El 3 de junio era un típico domingo en la aldea de San Miguel Los Lotes, donde residentes participaban en sus actividades habituales de fin de semana.
Caminando sobre la aldea, se puede imaginar a los niños jugando fútbol, las madres calentando tortillas en una plancha, los abuelos viendo la televisión, y a jóvenes montando bicicletas en las calles sin pavimento. Los niños ayudando a sus madres a tender ropa para secar antes de que la lluvia estacional comenzara por la tarde.

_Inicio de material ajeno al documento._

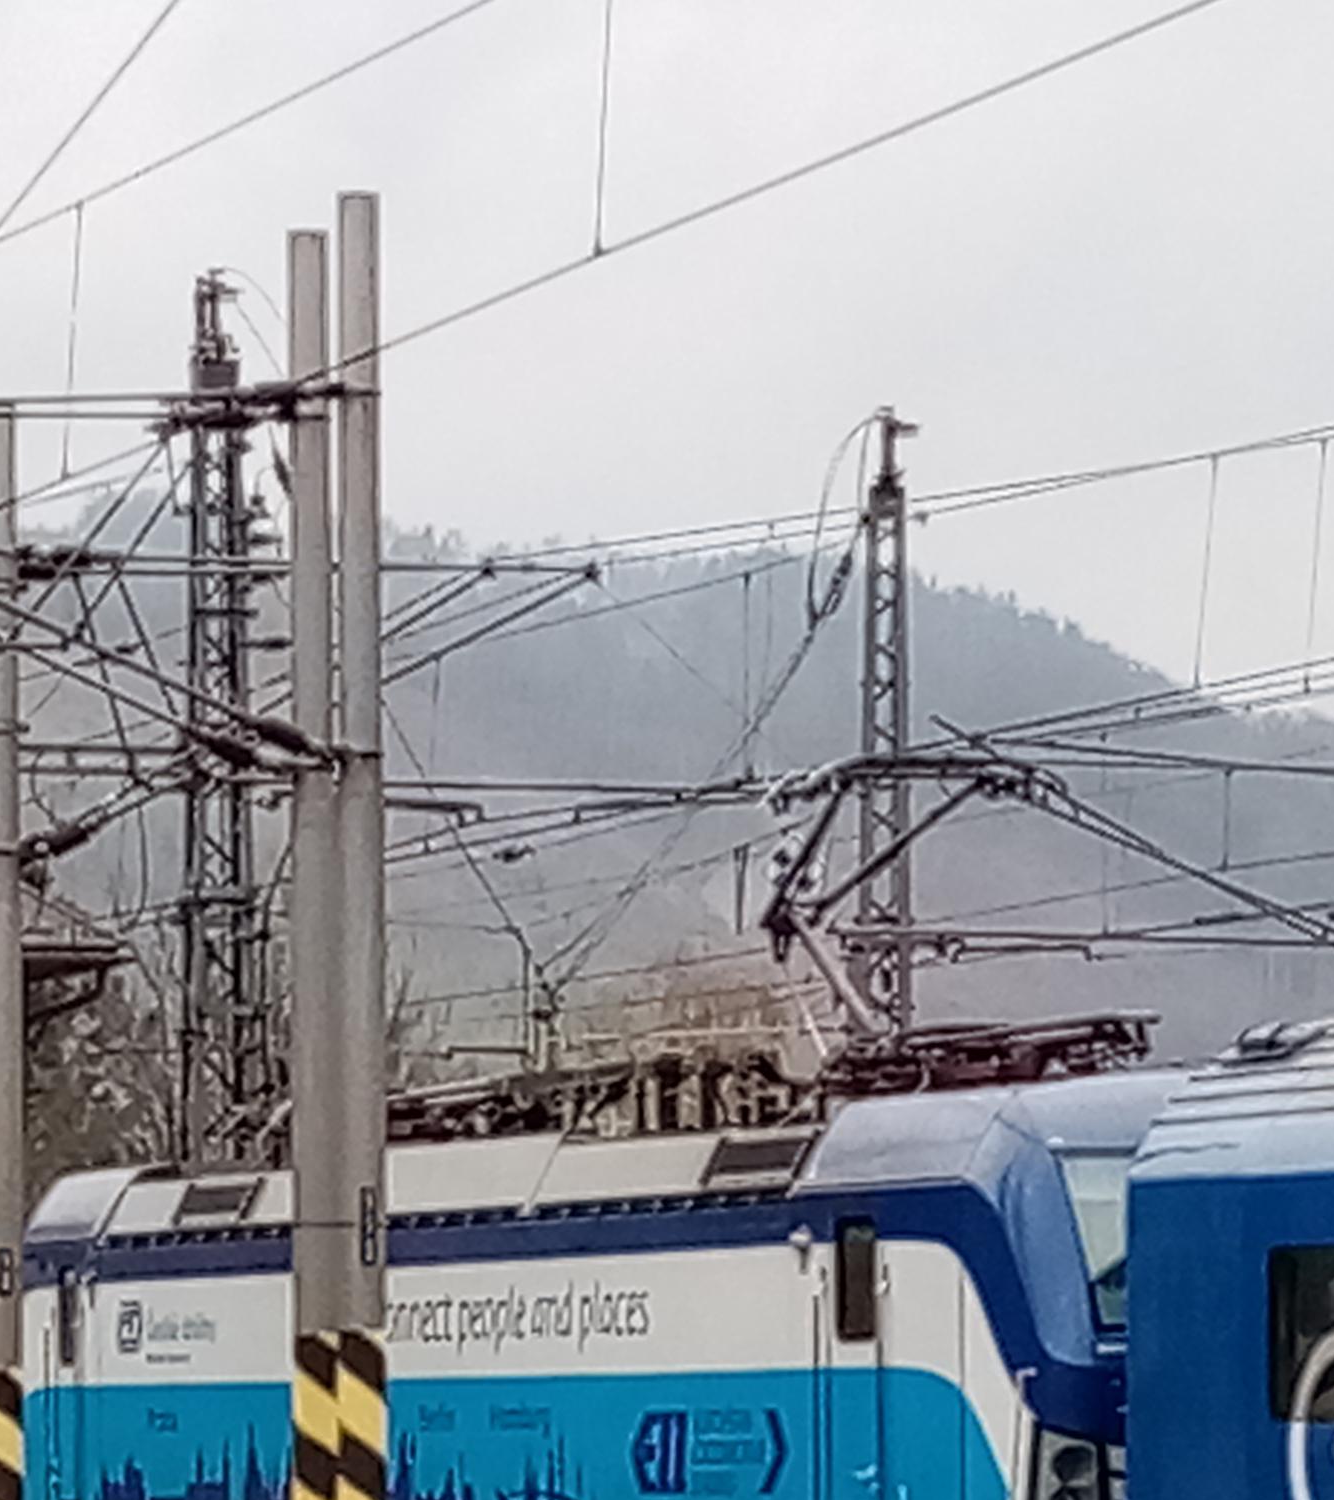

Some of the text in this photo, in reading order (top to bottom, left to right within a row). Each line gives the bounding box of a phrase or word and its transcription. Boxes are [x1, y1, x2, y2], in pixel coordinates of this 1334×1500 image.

[385, 1279, 649, 1355] onnect people and places

Elmer Vásquez, de 49 años de edad, fue uno de los que salió a caminar ese día, miraba sus parcelas de jardín, cuando escucho la primera explosión del Volcán de Fuego a la 1 p.m. Su esposa estaría de regreso en casa para cocinar el almuerzo, sus cinco hijos estarían en casa también, terminando tareas de las clases del lunes.
Pero pronto, todo eso terminaría en una gran pared de ceniza caliente que descendía de la montaña; Vázquez intentó retornar a casa, sin éxito.
La comunidad fue rápidamente sepultada bajo una ola de cenizas calientes y escombros, creando una escena de muerte y desesperación.
Extrañamente, señales de la calma de ese domingo por la mañana, quedaron congeladas bajo los escombros.
En una casa, todavía se ven un sartén y una espátula en la estufa, que ahora está cubierta de cenizas.
Ahora solo quedan los restos de un desayuno típico en la zona rural de Guatemala, una canasta de tortillas, un plato de frijoles, y tazas de café, que todavía están sobre una mesa, cubiertas de ceniza volcánica oscura y arenosa.
Una bicicleta, un camión, un ventilador, camas, refrigeradores, una estufa, todo enterrado bajo cenizas, que en algunos lugares, alcanza a 10 pies (3 metros) de profundidad. En otros lugares, como el interior de algunas casas más protegidas, la manta de ceniza puede variar desde unos pocos centímetros, hasta más de medio metro.
Las huellas de los habitantes, un cepillo de dientes, o cestas de plantas colgando, hablan de personas que nunca volverán.